• [PROBLEM TO WORK ON]: Each line must appear in the answer exactly as it does in the data.

• [PROVIDED DATA]:
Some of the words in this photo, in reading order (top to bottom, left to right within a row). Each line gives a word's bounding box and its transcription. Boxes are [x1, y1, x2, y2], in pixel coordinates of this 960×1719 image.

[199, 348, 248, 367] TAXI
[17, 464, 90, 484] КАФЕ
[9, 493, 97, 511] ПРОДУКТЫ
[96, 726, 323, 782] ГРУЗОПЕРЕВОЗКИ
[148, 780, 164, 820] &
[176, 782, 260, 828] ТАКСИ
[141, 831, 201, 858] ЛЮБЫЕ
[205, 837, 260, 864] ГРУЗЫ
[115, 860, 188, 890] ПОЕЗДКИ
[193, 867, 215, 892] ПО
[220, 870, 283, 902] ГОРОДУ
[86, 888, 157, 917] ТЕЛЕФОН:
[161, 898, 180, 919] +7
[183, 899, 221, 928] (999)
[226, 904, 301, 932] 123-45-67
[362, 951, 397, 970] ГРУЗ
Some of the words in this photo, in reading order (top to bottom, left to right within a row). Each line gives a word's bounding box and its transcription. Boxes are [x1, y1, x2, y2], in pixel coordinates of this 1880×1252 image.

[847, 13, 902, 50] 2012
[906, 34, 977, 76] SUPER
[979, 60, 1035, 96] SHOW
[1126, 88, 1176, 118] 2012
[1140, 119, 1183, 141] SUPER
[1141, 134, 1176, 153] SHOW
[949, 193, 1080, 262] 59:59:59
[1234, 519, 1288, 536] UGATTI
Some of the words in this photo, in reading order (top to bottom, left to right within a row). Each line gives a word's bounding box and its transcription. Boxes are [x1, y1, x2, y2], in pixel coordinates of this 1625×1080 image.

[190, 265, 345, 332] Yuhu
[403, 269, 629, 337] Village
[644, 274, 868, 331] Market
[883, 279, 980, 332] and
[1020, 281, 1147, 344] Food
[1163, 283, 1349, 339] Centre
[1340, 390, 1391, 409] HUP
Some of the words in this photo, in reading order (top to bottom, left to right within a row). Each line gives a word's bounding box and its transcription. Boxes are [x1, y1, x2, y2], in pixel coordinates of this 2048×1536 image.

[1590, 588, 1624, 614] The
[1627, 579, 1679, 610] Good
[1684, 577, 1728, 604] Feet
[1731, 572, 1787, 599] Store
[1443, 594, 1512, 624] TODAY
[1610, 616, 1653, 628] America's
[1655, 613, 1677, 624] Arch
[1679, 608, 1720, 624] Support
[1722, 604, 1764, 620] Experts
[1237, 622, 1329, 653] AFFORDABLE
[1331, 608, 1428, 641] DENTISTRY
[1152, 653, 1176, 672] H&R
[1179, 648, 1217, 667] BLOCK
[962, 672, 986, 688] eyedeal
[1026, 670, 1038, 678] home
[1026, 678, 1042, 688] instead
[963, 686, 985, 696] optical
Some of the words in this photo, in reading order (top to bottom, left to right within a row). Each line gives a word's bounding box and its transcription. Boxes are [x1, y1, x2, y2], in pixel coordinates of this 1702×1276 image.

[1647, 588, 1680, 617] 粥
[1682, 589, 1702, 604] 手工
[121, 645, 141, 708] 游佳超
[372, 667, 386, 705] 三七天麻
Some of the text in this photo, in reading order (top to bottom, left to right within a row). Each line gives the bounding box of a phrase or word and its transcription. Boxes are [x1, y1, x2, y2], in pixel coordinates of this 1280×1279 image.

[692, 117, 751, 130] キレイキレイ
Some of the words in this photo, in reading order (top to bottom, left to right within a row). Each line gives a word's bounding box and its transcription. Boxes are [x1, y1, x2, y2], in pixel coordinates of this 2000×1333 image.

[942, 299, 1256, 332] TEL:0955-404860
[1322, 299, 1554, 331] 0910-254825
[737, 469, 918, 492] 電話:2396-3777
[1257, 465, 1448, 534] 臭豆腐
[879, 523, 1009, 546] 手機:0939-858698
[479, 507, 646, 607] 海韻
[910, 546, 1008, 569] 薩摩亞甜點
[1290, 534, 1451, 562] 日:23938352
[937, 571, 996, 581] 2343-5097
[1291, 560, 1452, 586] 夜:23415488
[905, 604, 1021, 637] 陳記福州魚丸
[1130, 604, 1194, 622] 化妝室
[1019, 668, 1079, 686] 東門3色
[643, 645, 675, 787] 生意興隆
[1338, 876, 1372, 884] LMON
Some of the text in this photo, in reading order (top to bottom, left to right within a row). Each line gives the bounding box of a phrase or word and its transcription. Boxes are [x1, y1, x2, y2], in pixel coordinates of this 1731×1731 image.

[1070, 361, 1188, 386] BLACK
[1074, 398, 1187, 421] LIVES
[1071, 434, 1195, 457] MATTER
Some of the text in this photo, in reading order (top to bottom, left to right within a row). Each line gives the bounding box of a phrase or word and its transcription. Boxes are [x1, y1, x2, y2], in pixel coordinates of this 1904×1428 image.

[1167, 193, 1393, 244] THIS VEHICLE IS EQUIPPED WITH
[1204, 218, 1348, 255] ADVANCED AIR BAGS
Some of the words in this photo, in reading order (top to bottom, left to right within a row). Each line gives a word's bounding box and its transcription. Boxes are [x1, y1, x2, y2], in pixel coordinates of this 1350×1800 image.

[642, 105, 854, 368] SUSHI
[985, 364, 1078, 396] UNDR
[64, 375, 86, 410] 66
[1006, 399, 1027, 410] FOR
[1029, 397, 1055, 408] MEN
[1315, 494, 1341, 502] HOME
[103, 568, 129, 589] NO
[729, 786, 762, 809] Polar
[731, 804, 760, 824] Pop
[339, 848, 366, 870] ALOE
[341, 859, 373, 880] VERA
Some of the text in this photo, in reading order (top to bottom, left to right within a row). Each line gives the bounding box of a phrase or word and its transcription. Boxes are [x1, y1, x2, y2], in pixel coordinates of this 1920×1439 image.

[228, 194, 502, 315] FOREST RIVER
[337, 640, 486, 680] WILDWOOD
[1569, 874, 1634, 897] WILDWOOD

• [SOLUTION TO THE EXERCISE]:
Some of the words in this photo, in reading order (top to bottom, left to right within a row). Each line gives a word's bounding box and its transcription. Boxes are [x1, y1, x2, y2], in pixel coordinates of this 960×1719 image.

[199, 348, 248, 367] TAXI
[17, 464, 90, 484] КАФЕ
[9, 493, 97, 511] ПРОДУКТЫ
[96, 726, 323, 782] ГРУЗОПЕРЕВОЗКИ
[148, 780, 164, 820] &
[176, 782, 260, 828] ТАКСИ
[141, 831, 201, 858] ЛЮБЫЕ
[205, 837, 260, 864] ГРУЗЫ
[115, 860, 188, 890] ПОЕЗДКИ
[193, 867, 215, 892] ПО
[220, 870, 283, 902] ГОРОДУ
[86, 888, 157, 917] ТЕЛЕФОН:
[161, 898, 180, 919] +7
[183, 899, 221, 928] (999)
[226, 904, 301, 932] 123-45-67
[362, 951, 397, 970] ГРУЗ
Some of the words in this photo, in reading order (top to bottom, left to right within a row). Each line gives a word's bounding box and its transcription. Boxes are [x1, y1, x2, y2], in pixel coordinates of this 1880×1252 image.

[847, 13, 902, 50] 2012
[906, 34, 977, 76] SUPER
[979, 60, 1035, 96] SHOW
[1126, 88, 1176, 118] 2012
[1140, 119, 1183, 141] SUPER
[1141, 134, 1176, 153] SHOW
[949, 193, 1080, 262] 59:59:59
[1234, 519, 1288, 536] UGATTI
Some of the words in this photo, in reading order (top to bottom, left to right within a row). Each line gives a word's bounding box and its transcription. Boxes are [x1, y1, x2, y2], in pixel coordinates of this 1625×1080 image.

[190, 265, 345, 332] Yuhu
[403, 269, 629, 337] Village
[644, 274, 868, 331] Market
[883, 279, 980, 332] and
[1020, 281, 1147, 344] Food
[1163, 283, 1349, 339] Centre
[1340, 390, 1391, 409] HUP
Some of the words in this photo, in reading order (top to bottom, left to right within a row). Each line gives a word's bounding box and its transcription. Boxes are [x1, y1, x2, y2], in pixel coordinates of this 2048×1536 image.

[1590, 588, 1624, 614] The
[1627, 579, 1679, 610] Good
[1684, 577, 1728, 604] Feet
[1731, 572, 1787, 599] Store
[1443, 594, 1512, 624] TODAY
[1610, 616, 1653, 628] America's
[1655, 613, 1677, 624] Arch
[1679, 608, 1720, 624] Support
[1722, 604, 1764, 620] Experts
[1237, 622, 1329, 653] AFFORDABLE
[1331, 608, 1428, 641] DENTISTRY
[1152, 653, 1176, 672] H&R
[1179, 648, 1217, 667] BLOCK
[962, 672, 986, 688] eyedeal
[1026, 670, 1038, 678] home
[1026, 678, 1042, 688] instead
[963, 686, 985, 696] optical
Some of the words in this photo, in reading order (top to bottom, left to right within a row). Each line gives a word's bounding box and its transcription. Boxes are [x1, y1, x2, y2], in pixel coordinates of this 1702×1276 image.

[1647, 588, 1680, 617] 粥
[1682, 589, 1702, 604] 手工
[121, 645, 141, 708] 游佳超
[372, 667, 386, 705] 三七天麻
Some of the text in this photo, in reading order (top to bottom, left to right within a row). Each line gives the bounding box of a phrase or word and its transcription. Boxes are [x1, y1, x2, y2], in pixel coordinates of this 1280×1279 image.

[692, 117, 751, 130] キレイキレイ
Some of the words in this photo, in reading order (top to bottom, left to right within a row). Each line gives a word's bounding box and its transcription. Boxes are [x1, y1, x2, y2], in pixel coordinates of this 2000×1333 image.

[942, 299, 1256, 332] TEL:0955-404860
[1322, 299, 1554, 331] 0910-254825
[737, 469, 918, 492] 電話:2396-3777
[1257, 465, 1448, 534] 臭豆腐
[879, 523, 1009, 546] 手機:0939-858698
[479, 507, 646, 607] 海韻
[910, 546, 1008, 569] 薩摩亞甜點
[1290, 534, 1451, 562] 日:23938352
[937, 571, 996, 581] 2343-5097
[1291, 560, 1452, 586] 夜:23415488
[905, 604, 1021, 637] 陳記福州魚丸
[1130, 604, 1194, 622] 化妝室
[1019, 668, 1079, 686] 東門3色
[643, 645, 675, 787] 生意興隆
[1338, 876, 1372, 884] LMON
Some of the text in this photo, in reading order (top to bottom, left to right within a row). Each line gives the bounding box of a phrase or word and its transcription. Boxes are [x1, y1, x2, y2], in pixel coordinates of this 1731×1731 image.

[1070, 361, 1188, 386] BLACK
[1074, 398, 1187, 421] LIVES
[1071, 434, 1195, 457] MATTER
Some of the text in this photo, in reading order (top to bottom, left to right within a row). Each line gives the bounding box of a phrase or word and its transcription. Boxes are [x1, y1, x2, y2], in pixel coordinates of this 1904×1428 image.

[1167, 193, 1393, 244] THIS VEHICLE IS EQUIPPED WITH
[1204, 218, 1348, 255] ADVANCED AIR BAGS
Some of the words in this photo, in reading order (top to bottom, left to right within a row). Each line gives a word's bounding box and its transcription. Boxes are [x1, y1, x2, y2], in pixel coordinates of this 1350×1800 image.

[642, 105, 854, 368] SUSHI
[985, 364, 1078, 396] UNDR
[64, 375, 86, 410] 66
[1006, 399, 1027, 410] FOR
[1029, 397, 1055, 408] MEN
[1315, 494, 1341, 502] HOME
[103, 568, 129, 589] NO
[729, 786, 762, 809] Polar
[731, 804, 760, 824] Pop
[339, 848, 366, 870] ALOE
[341, 859, 373, 880] VERA
Some of the text in this photo, in reading order (top to bottom, left to right within a row). Each line gives the bounding box of a phrase or word and its transcription. Boxes are [x1, y1, x2, y2], in pixel coordinates of this 1920×1439 image.

[228, 194, 502, 315] FOREST RIVER
[337, 640, 486, 680] WILDWOOD
[1569, 874, 1634, 897] WILDWOOD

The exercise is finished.